Early versions of the spyware targeted users through phishing attacks. This means that a malicious link was sent to targets via emails or SMS messages. If targets clicked on the link, the spyware would be installed on their phones.

However, technology has since advanced and Pegasus can now be installed without the target having to click on a malicious link. Instead, it can infect a device via so-called “zero-click” attacks. This is done by exploiting vulnerabilities in phone operating systems that even developers are unaware of.

Encrypted apps such as WhatsApp are not only compromised but are now being used to infect devices with spyware. In 2019, WhatsApp confirmed that its platform was used to send malware to more than 1,400 phones, including several Indian journalists and human rights activists.

Users would receive a WhatsApp call and the software would be installed on their phone even if they did not answer the call. On iPhones, iMessage software was also used.

Due to rapid advancements in technology, it has become more difficult to detect the presence of Pegasus through telltale signs. Although ordinary phones are unlikely to be at risk, phones belonging to activists and high-profile journalists are at risk of being monitored by spyware.

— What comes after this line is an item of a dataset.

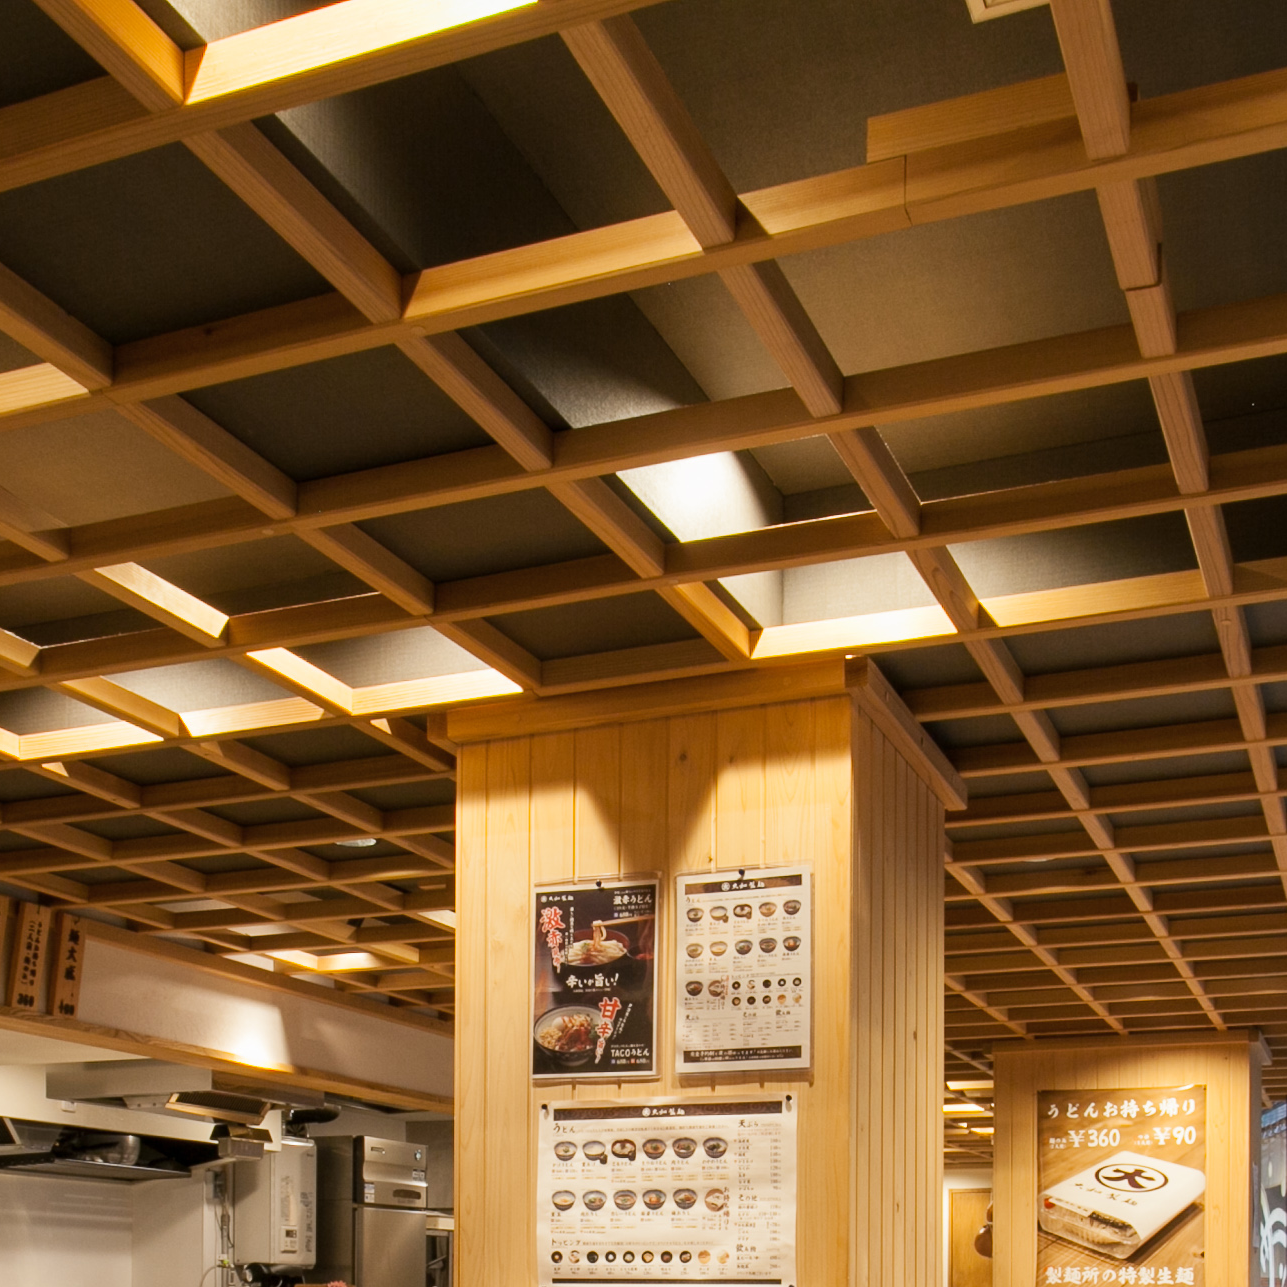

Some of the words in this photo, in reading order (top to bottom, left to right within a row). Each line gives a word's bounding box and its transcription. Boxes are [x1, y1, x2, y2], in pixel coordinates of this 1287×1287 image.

Is India Suppressing Free Speech?

Many journalists’ organizations and rights groups have warned that press freedom has declined under the Modi government, with several journalists arrested.

India fell to 161st in the World Press Freedom Index, down from 150th last year, its lowest level on record. The Modi government rejects this index and questions its methodology, arguing about press freedom in India.

In early October, Indian police carried out searches against dozens of journalists and arrested Prabir Purkayastha, editor-in-chief of the independent and critical website NewsClick. Many other NewsClick journalists have had their devices and homes searched.